- _Exercise material_:

[Start of Attachment]

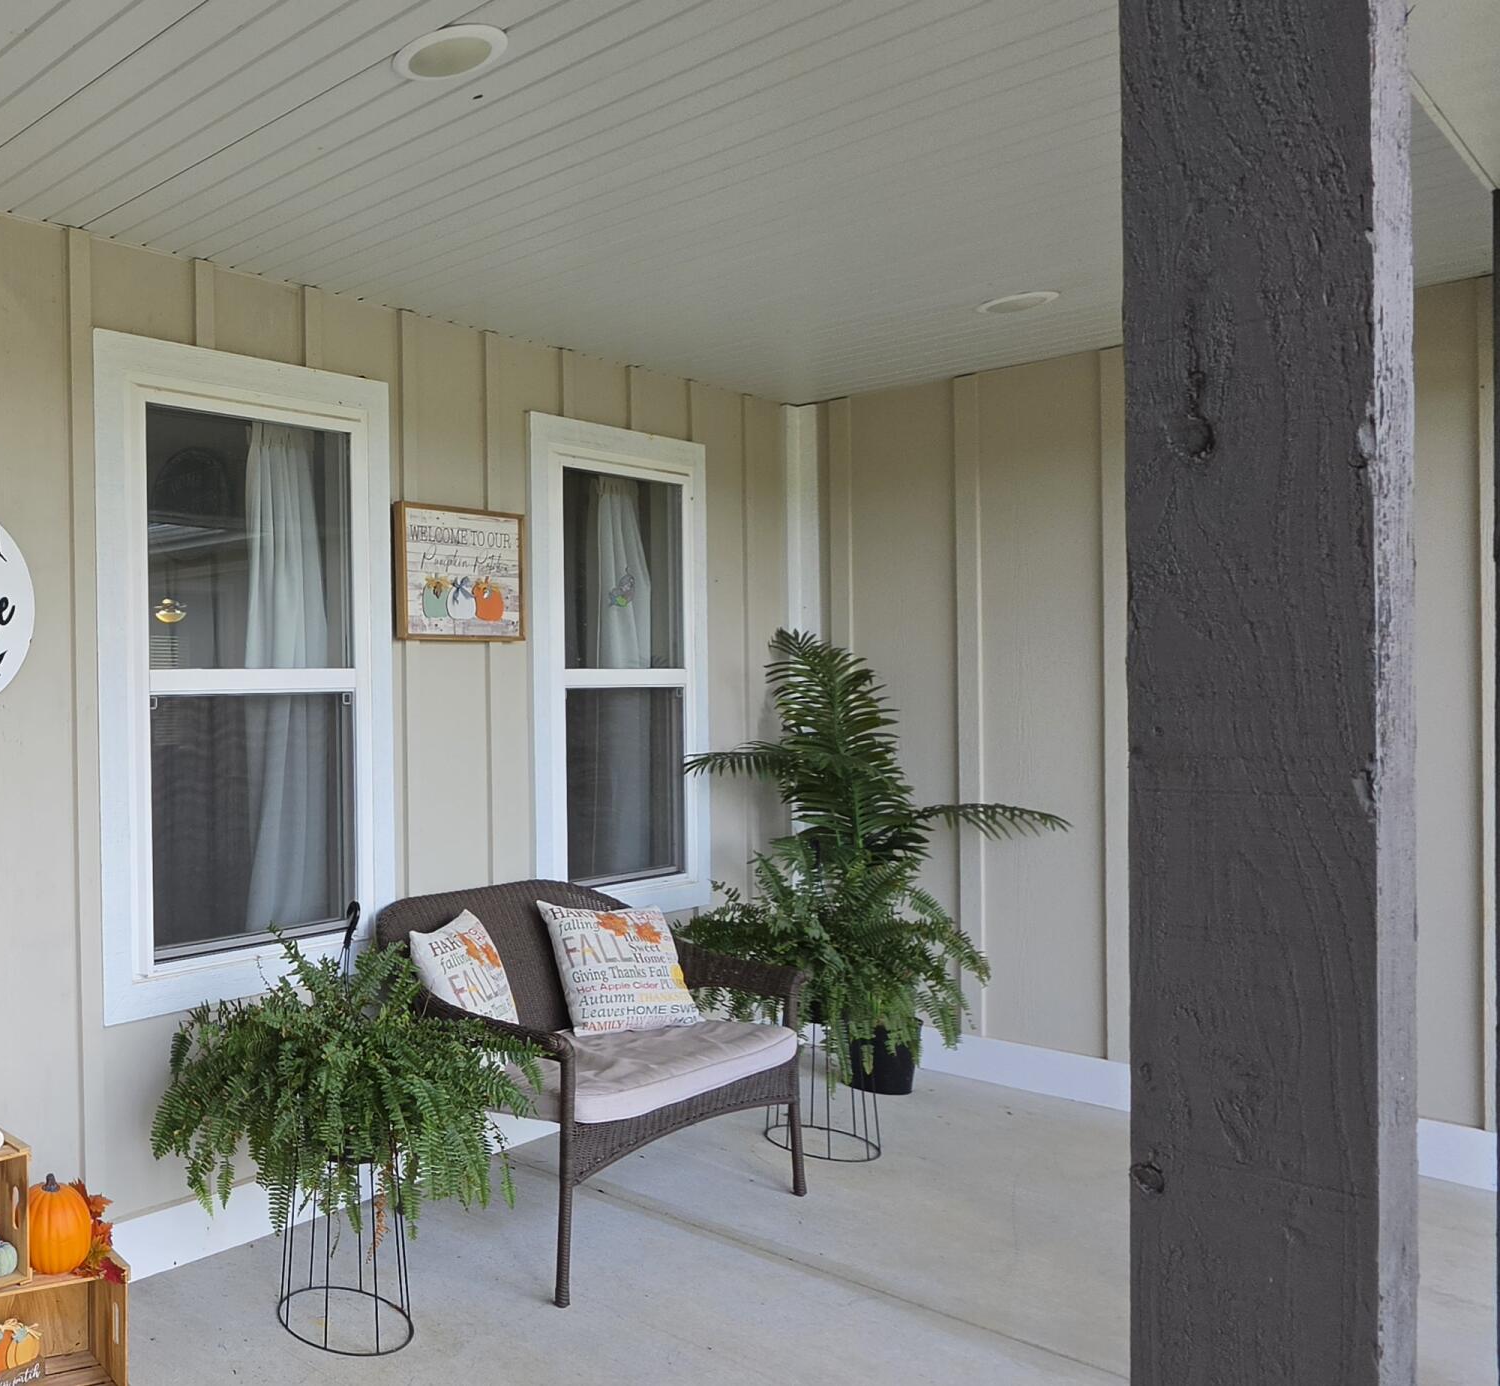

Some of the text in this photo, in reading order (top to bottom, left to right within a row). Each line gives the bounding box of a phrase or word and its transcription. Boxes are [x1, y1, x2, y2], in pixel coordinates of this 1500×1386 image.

[409, 524, 511, 549] WELCOME TO OUR
[420, 545, 470, 573] Pumpkin
[559, 919, 601, 936] falling
[562, 932, 632, 968] FALL
[628, 942, 661, 953] Sweet
[632, 952, 667, 964] Home
[572, 963, 670, 984] Giving Thanks Fall
[448, 967, 499, 1010] FALL
[576, 983, 597, 994] Hot
[600, 981, 631, 993] Apple
[632, 980, 659, 990] Cider
[579, 993, 635, 1007] Autumn
[581, 1006, 626, 1019] Leaves
[626, 1005, 667, 1015] HOME
[581, 1019, 625, 1032] FAMILY

[End of Attachment]

- _Required work_: All of the material above should be output exactly, with the pictures left behind.

- _Your solution_:
Some of the text in this photo, in reading order (top to bottom, left to right within a row). Each line gives the bounding box of a phrase or word and its transcription. Boxes are [x1, y1, x2, y2], in pixel coordinates of this 1500×1386 image.

[409, 524, 511, 549] WELCOME TO OUR
[420, 545, 470, 573] Pumpkin
[559, 919, 601, 936] falling
[562, 932, 632, 968] FALL
[628, 942, 661, 953] Sweet
[632, 952, 667, 964] Home
[572, 963, 670, 984] Giving Thanks Fall
[448, 967, 499, 1010] FALL
[576, 983, 597, 994] Hot
[600, 981, 631, 993] Apple
[632, 980, 659, 990] Cider
[579, 993, 635, 1007] Autumn
[581, 1006, 626, 1019] Leaves
[626, 1005, 667, 1015] HOME
[581, 1019, 625, 1032] FAMILY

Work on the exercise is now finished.